Here's what the campaign actually says: Domino's Pizza has knowingly been serving lousy pizza to its customers for years.* But now that we live in a world where a Google search for "Domino's Pizza sucks" returns more than 30,000 hits** -- in other words, a world with accountability -- Domino's wants to make good.


So, wait: all those other times Domino's boasted about their pizza ... they were lying?

Apparently so. But don't worry: we can trust them now. Right?

Boxing promoter Bob Arum once destroyed his credibility when he quipped to reporters, "Yesterday, I was lying. Today, I'm telling the truth." Yesterday (figuratively speaking), Domino's Pizza said they served great food, and today they're acknowledging that that wasn't the case at all.
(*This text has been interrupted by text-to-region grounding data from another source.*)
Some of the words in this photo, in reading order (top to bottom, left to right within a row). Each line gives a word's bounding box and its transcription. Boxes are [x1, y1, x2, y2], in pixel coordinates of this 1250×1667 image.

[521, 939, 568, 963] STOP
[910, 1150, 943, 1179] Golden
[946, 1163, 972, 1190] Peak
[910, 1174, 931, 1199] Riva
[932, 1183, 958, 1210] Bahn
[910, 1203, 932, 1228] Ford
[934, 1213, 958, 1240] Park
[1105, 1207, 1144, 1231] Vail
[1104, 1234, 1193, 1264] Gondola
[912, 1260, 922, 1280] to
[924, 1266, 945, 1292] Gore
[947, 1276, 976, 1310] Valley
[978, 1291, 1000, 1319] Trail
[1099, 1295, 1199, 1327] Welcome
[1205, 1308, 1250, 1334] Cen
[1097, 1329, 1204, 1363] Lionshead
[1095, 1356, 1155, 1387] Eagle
So let's hurry up and believe them now.

Which ad house dreamed this one up? "Listen, let's defecate on whatever good standing the company has left with its current and prospective future customer base and just come out and say we suck!"

The goal, I assume, is to raze what good reputation the company has left in order to build a sparkling new one. But companies that have been around for nearly 50 years can't do that overnight. Here, they're simply trying to do too much:
  • Acknowledge the doubters
  • Promote new recipes
  • Re-brand as a pizzeria worthy of true foodies
It's laziness, pure and simple. You're not going to change everyone's minds immediately. What about:
  • Rewarding loyal customers with a coupon for a free pizza (they know who these customers are; there's a database of 'em) to both reward that loyalty and maybe get them talking about Domino's generosity to friends and family.
  • Align themselves with a celebrity spokesperson for a time. Typically, I dislike the celebrity spokesperson idea -- it can be a marketing cop out -- but Food Network has a bevy of foodie idols who could connect with the kind of folks Domino's is trying to connect with. Mario Batali, anyone?
  • Focusing on the company's strengths -- their re-dedication, the new menu and fast and easy delivery -- and not dwelling on the shortcomings of the past. That wouldn't work in a job interview for you, and it sure isn't going to work for a major corporation facing stiff competition.
It'd take longer to roll out something like this, but the reward would be a campaign that resonates more positively with kids, college students, and rushed parents looking to get a decent meal on the table.

Kodak*** tried a variation on the "we suck" strategy. They released a video allegedly designed solely for internal viewing -- because you're going to sink that much money into an internal corporate video, right? -- that made fun of the company's business practices, innovation laziness and Advantix. Same result, though: it ends up making the company look bad, plain and simple.

Not repentant.

Not humble.

Just bad.

So, now it's Domino's turn. They were lying to us yesterday, but today they're telling the truth. Let's all rush out and give them our money, shall we?

The footnotes:

* Assuming, generously, that this "our pizza sucks" revelation just occurred to the powers that be within the last two or three years. It can take at least that long to create new recipes and develop an ad campaign. But I'm willing to bet they've known for far longer where their pizza ranked with consumers. Ten years, perhaps?

** One Web writer posted about Domino's: "This is my drunk food right now (a free pizza given to me by a friend) I guess I can't complain, but I'll just bitch about how much it sucks." We have both free and drunk in there, and the guy is still motivated to go online to complain. That's some bad pizza.

*** I wanted to work Joe Isuzu in here, too, but think I've said enough. Still, having a slimy liar as your company spokesman is a ridiculously foul idea, too.